Effective November 2020:

  • Common Data Service has been renamed to Microsoft Dataverse. Learn more
  • Some terminology in Microsoft Dataverse has been updated. For example, entity is now table and field is now column. Learn more

This article will be updated soon to reflect the latest terminology.

Note

This is the second in a series of topics about scalable customization design. To start at the beginning, see Scalable Customization Design in Microsoft Dataverse.

One of the most fundamental concepts behind many of the challenges faced here is that of the database transaction. In Dataverse the database is at the heart of almost all requests to the system and the place data consistency is primarily enforced.

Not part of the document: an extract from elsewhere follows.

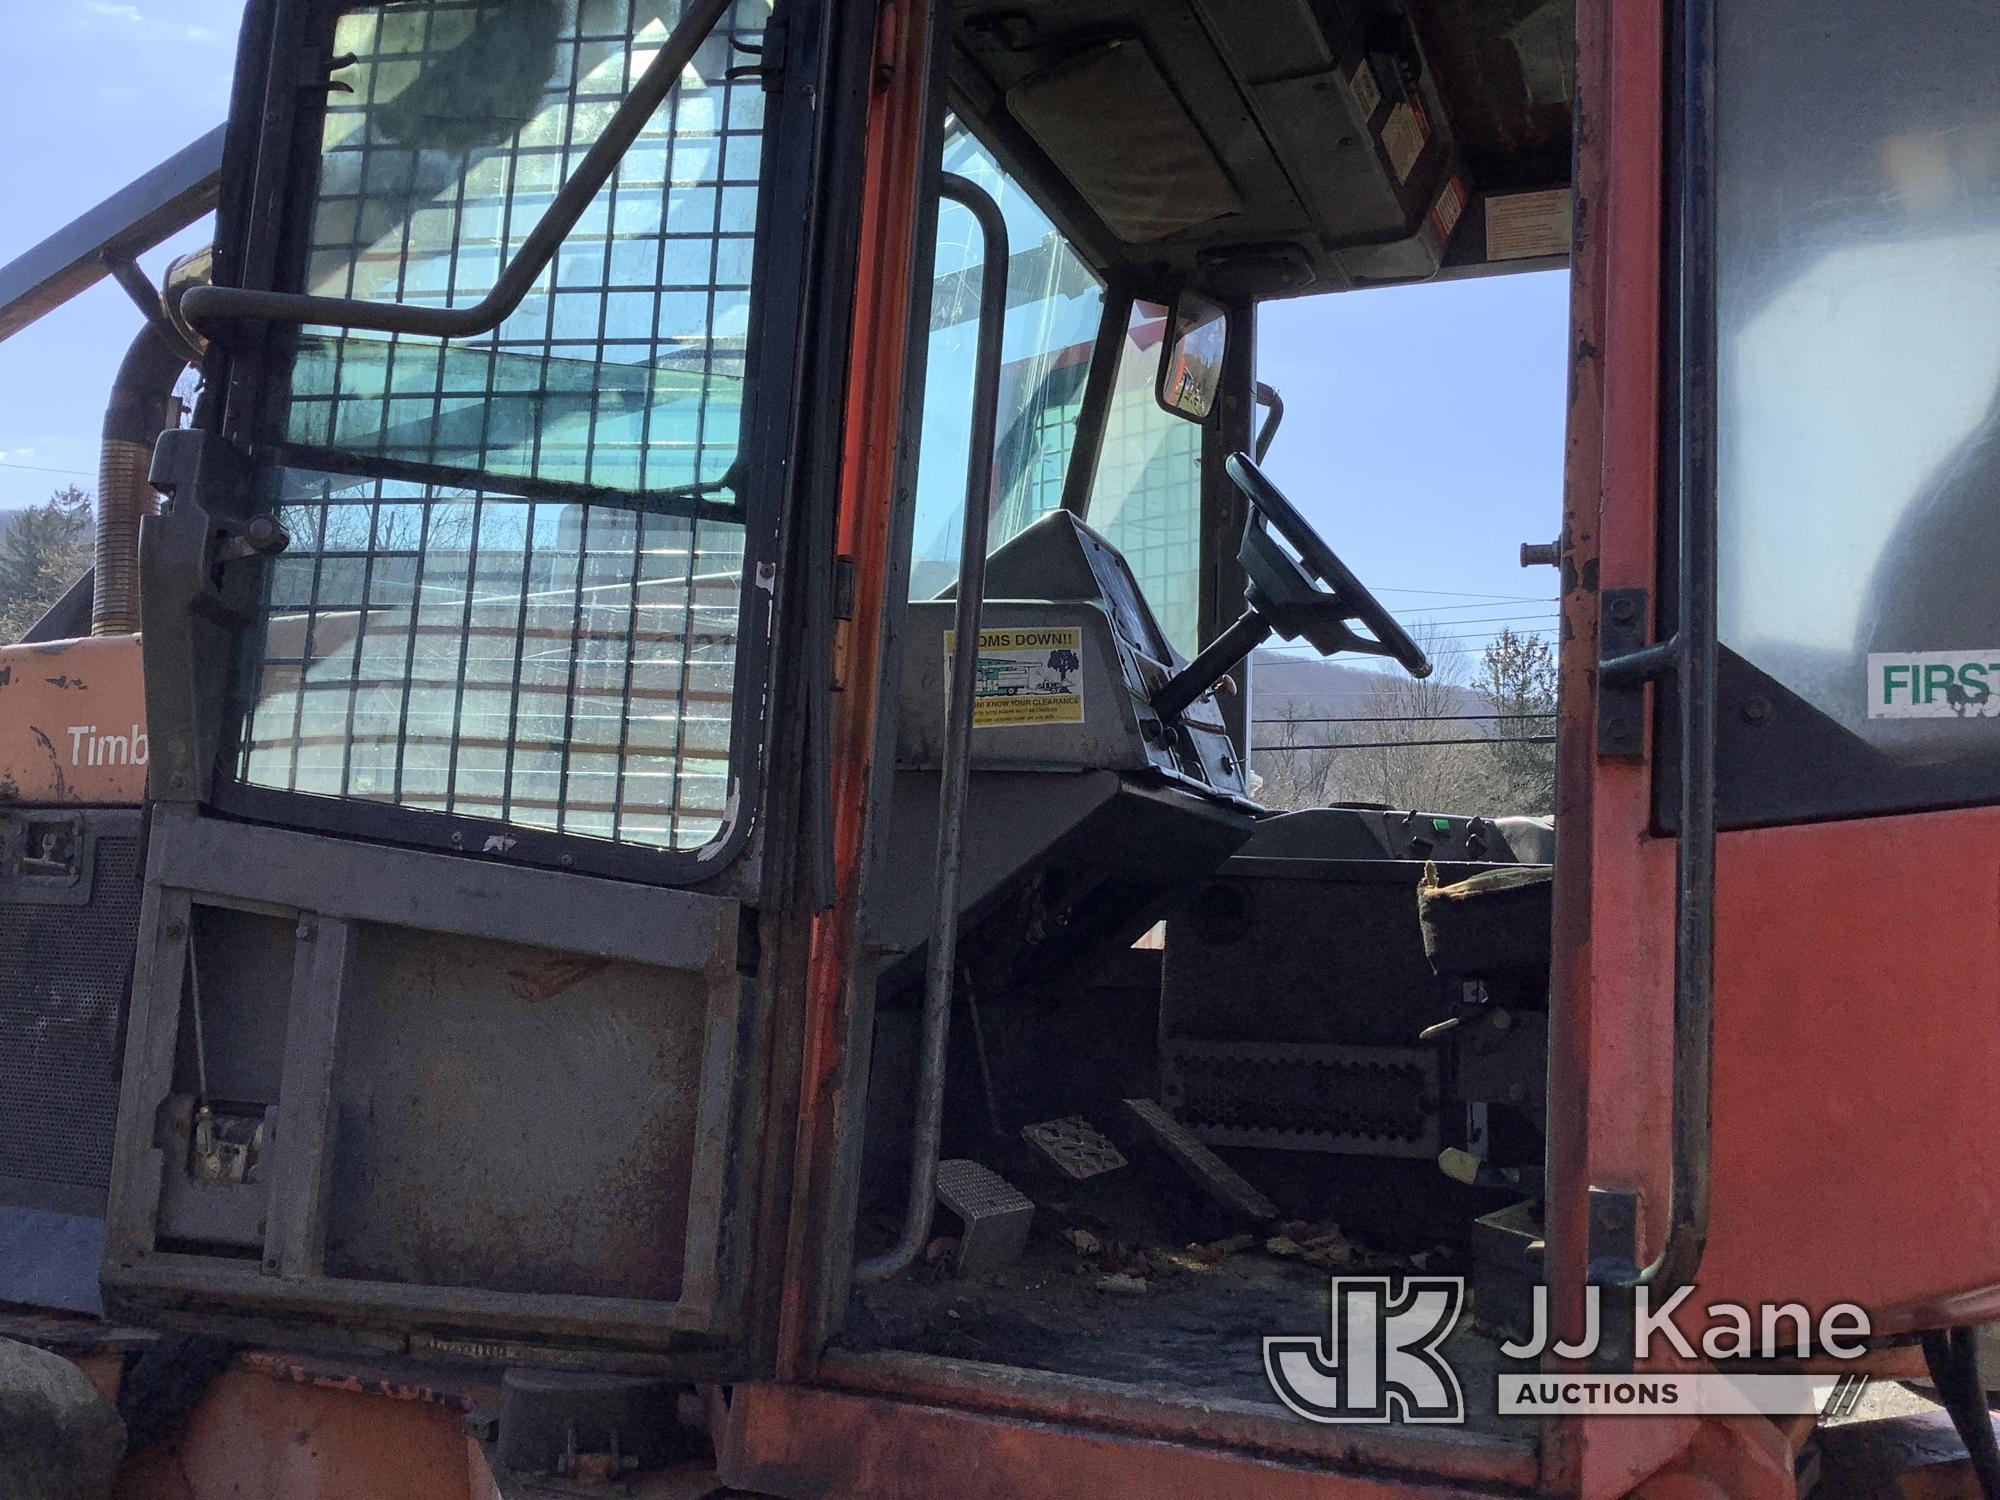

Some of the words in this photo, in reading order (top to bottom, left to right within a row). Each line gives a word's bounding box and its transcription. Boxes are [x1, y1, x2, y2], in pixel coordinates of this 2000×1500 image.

  • No Dataverse data operations, either internal or part of code customizations, work completely in isolation.
  • All Dataverse data operations interact with the same database resources, either at a data level or an infrastructure level such as processor, memory, or I/O usage.
  • To protect against conflicting changes, each request takes locks on resources to be viewed or changed.
  • Those locks are taken within a transaction and not released until the transaction is committed or aborted.

Transaction and locking awareness

A common reason that problems can occur in this area is the lack of awareness of how customizations can affect transactions.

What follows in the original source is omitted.